▶ EXERCISE DESCRIPTION
Transcribe this listing exactly; omit the pictures.

▶ RAW DATA
■ ■ ■ ■ ■ ■ ■
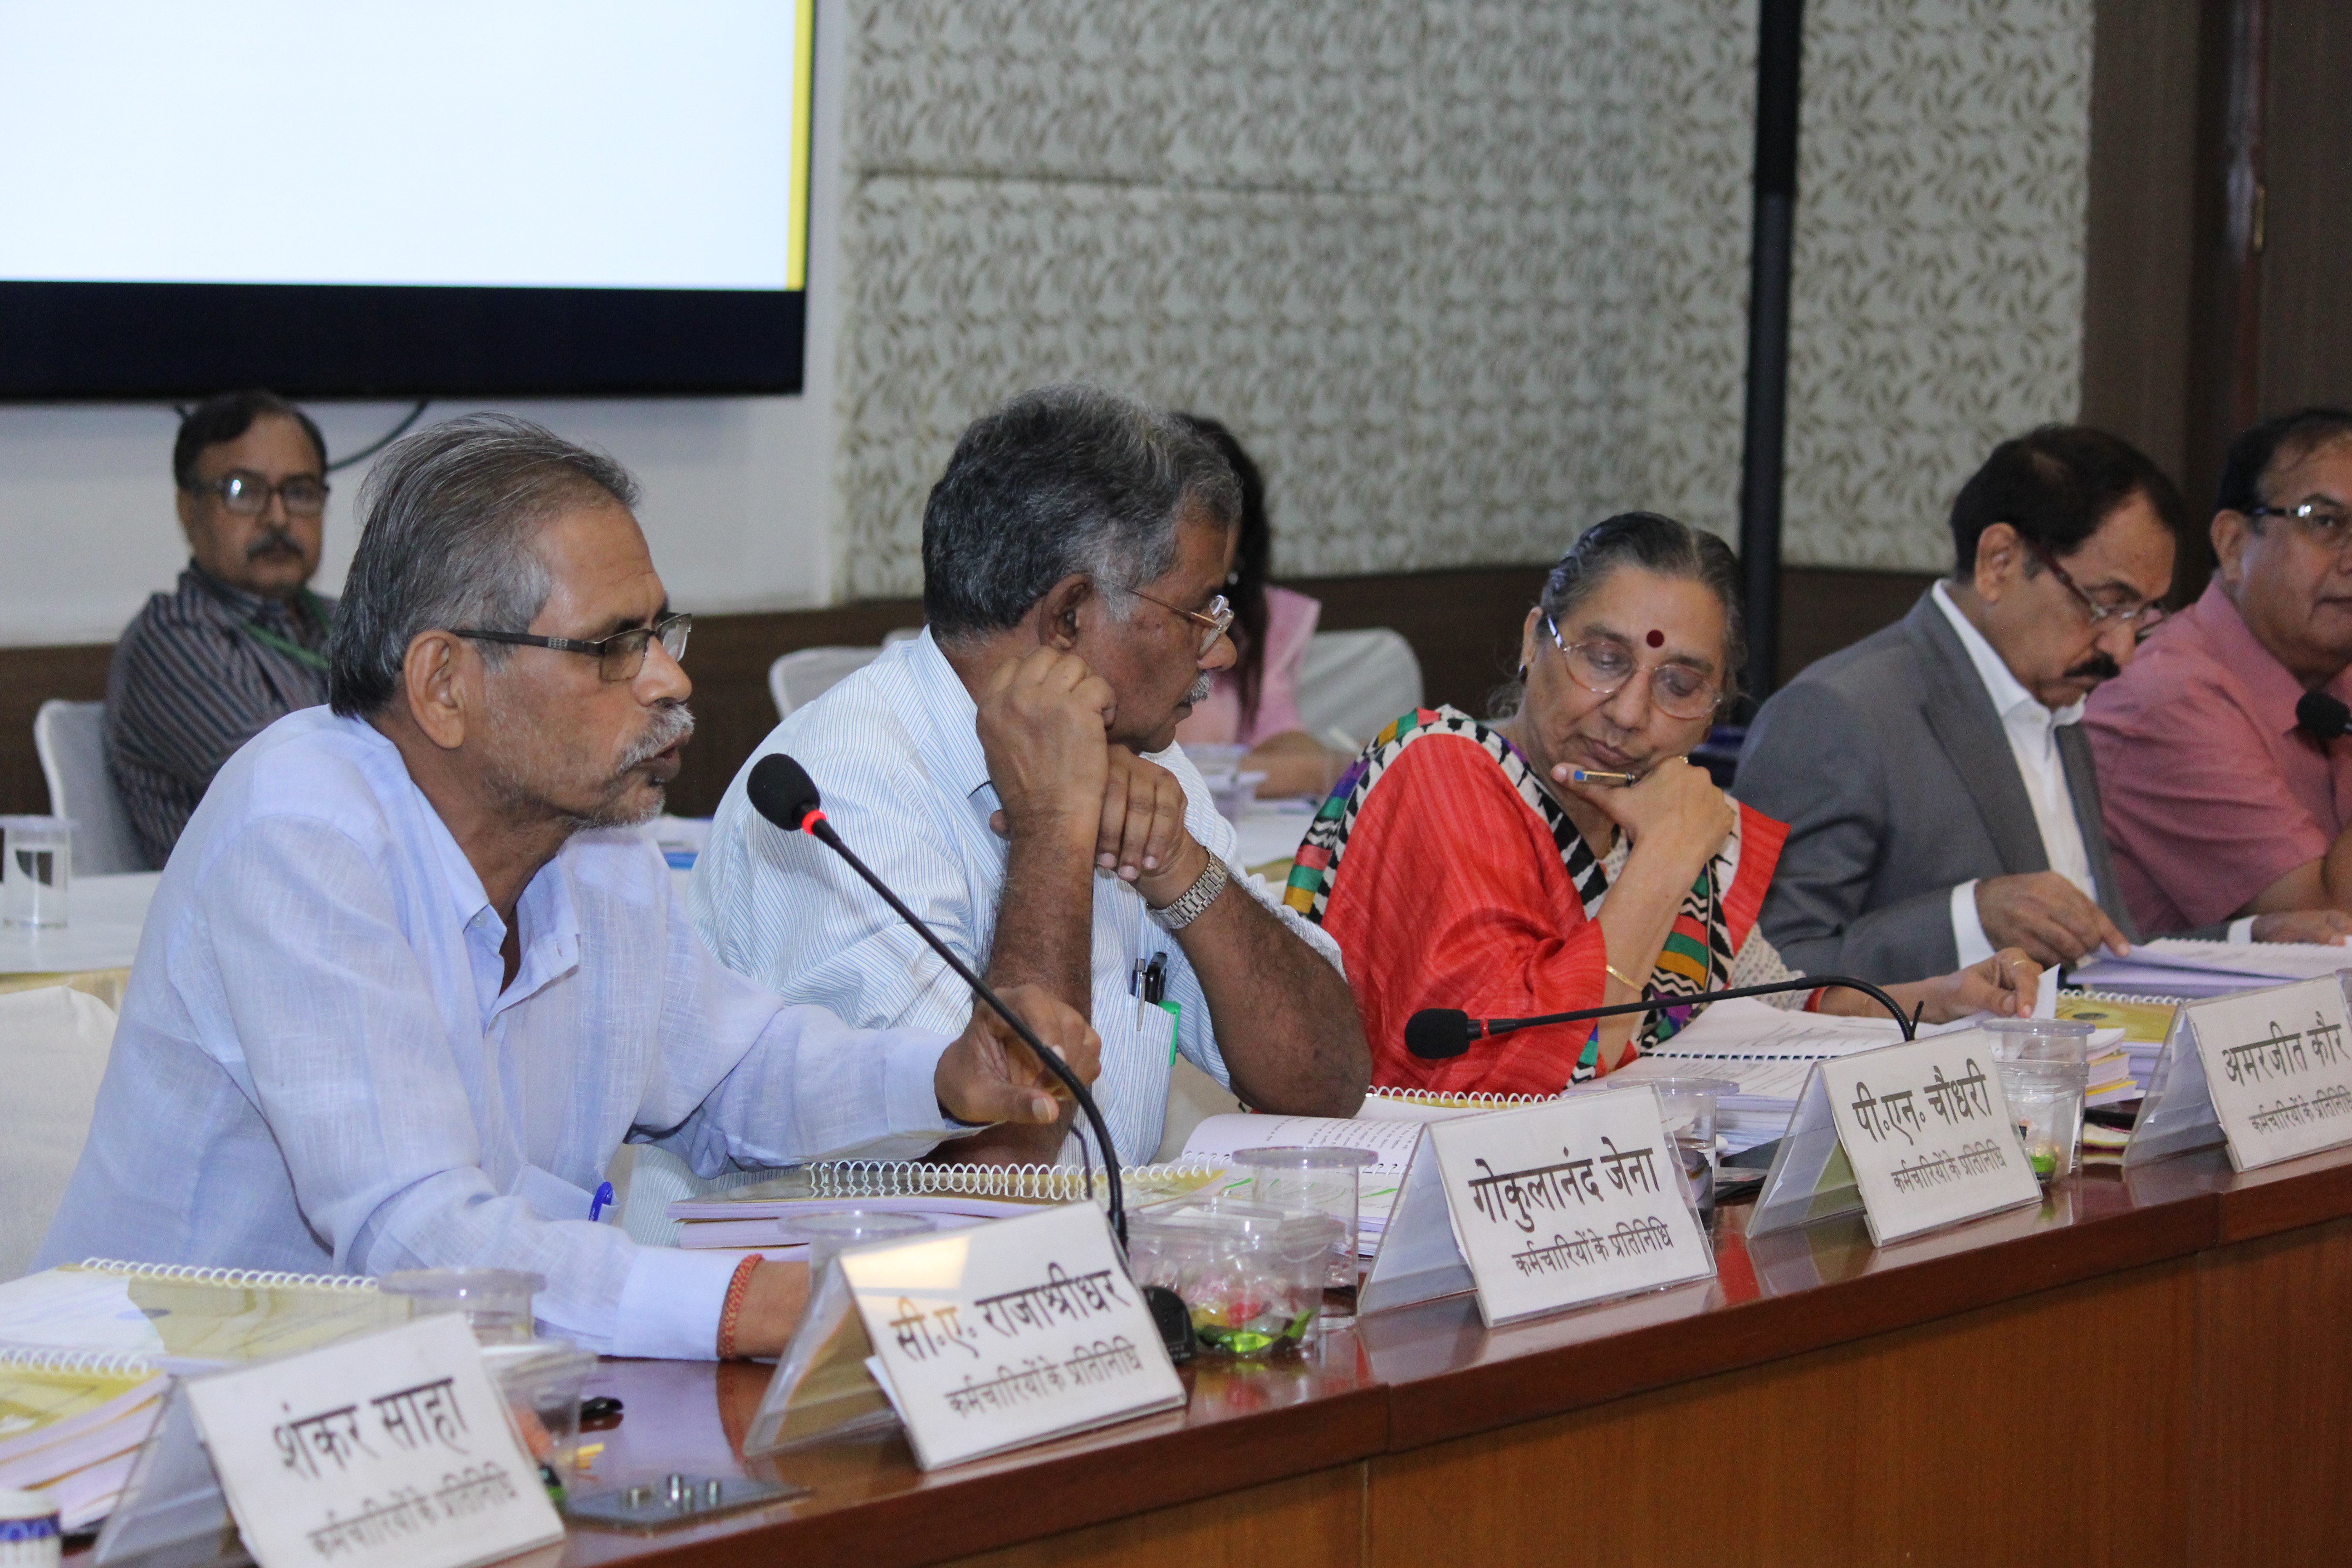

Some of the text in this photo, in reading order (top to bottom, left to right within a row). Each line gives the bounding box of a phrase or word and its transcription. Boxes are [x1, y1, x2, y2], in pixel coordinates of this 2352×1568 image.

[2222, 1011, 2351, 1086] अमरजीत कौर
[1923, 1058, 1992, 1126] चौधरी
[2249, 1097, 2306, 1135] कर्मचारियों
[2297, 1094, 2314, 1122] के
[1468, 1147, 1604, 1232] गोकुलानंद
[1600, 1136, 1660, 1197] जेना
[1891, 1139, 2007, 1194] कर्मचारियों के प्रतिनिधि
[1512, 1216, 1673, 1277] कर्मचारियों के प्रतिनिधि
[974, 1262, 1131, 1337] राजाश्रीधर
[1064, 1336, 1143, 1387] प्रतिनिधि
[273, 1377, 469, 1480] शंकर साहा
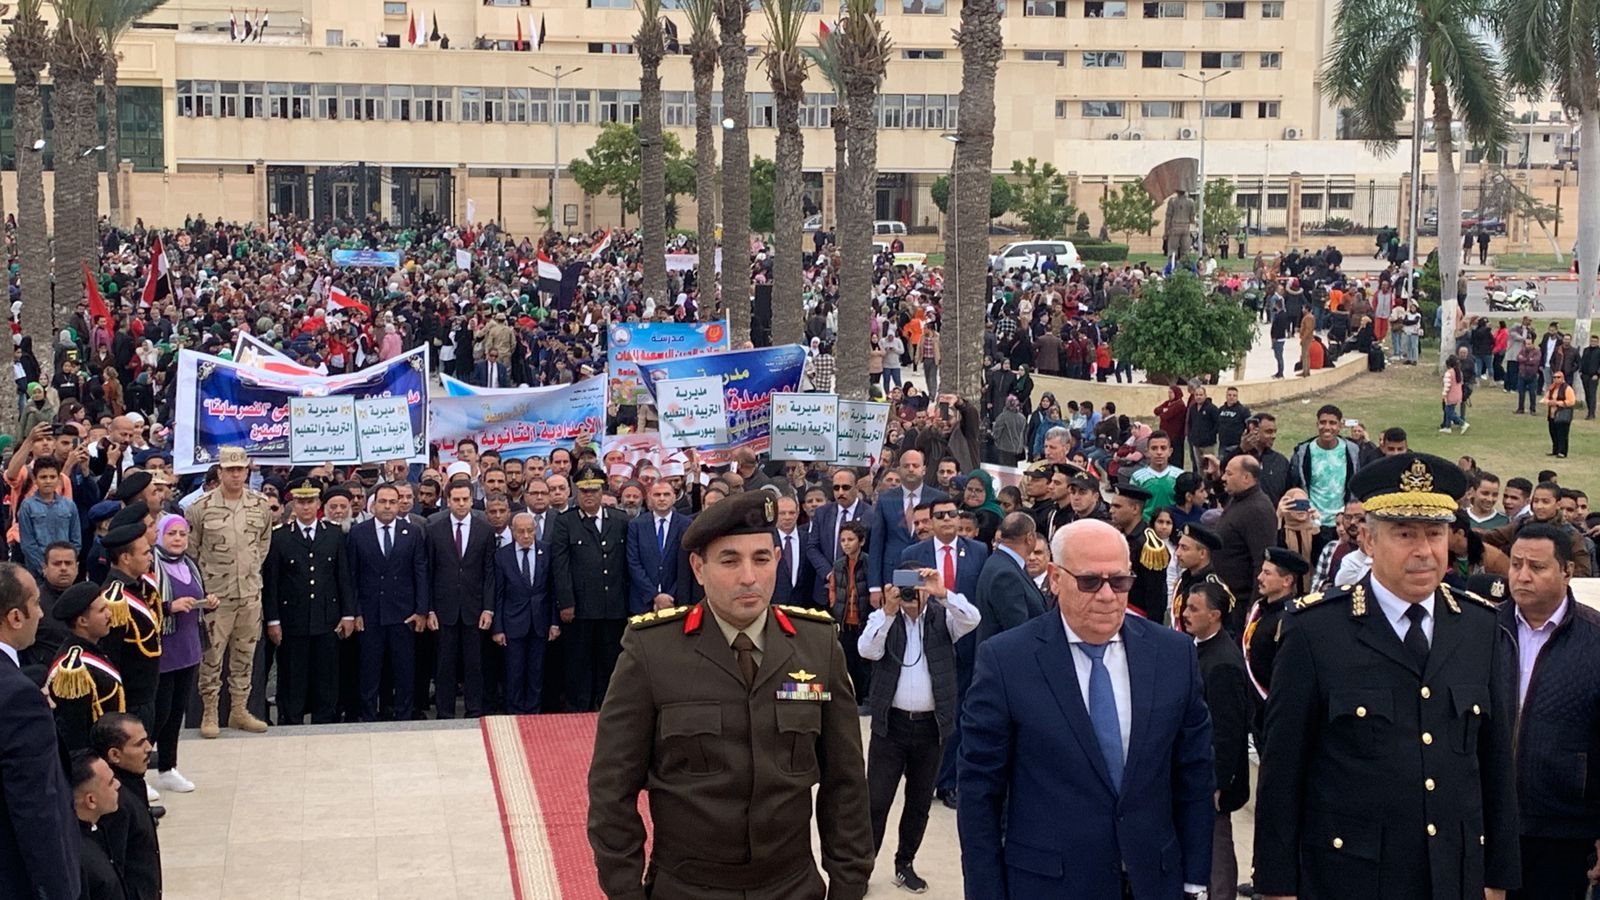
■ ■ ■ ■ ■ ■ ■
▶ OUTPUT BELOW
Some of the text in this photo, in reading order (top to bottom, left to right within a row). Each line gives the bounding box of a phrase or word and its transcription. Boxes are [x1, y1, x2, y2], in pixel coordinates of this 2352×1568 image.

[2222, 1011, 2351, 1086] अमरजीत कौर
[1923, 1058, 1992, 1126] चौधरी
[2249, 1097, 2306, 1135] कर्मचारियों
[2297, 1094, 2314, 1122] के
[1468, 1147, 1604, 1232] गोकुलानंद
[1600, 1136, 1660, 1197] जेना
[1891, 1139, 2007, 1194] कर्मचारियों के प्रतिनिधि
[1512, 1216, 1673, 1277] कर्मचारियों के प्रतिनिधि
[974, 1262, 1131, 1337] राजाश्रीधर
[1064, 1336, 1143, 1387] प्रतिनिधि
[273, 1377, 469, 1480] शंकर साहा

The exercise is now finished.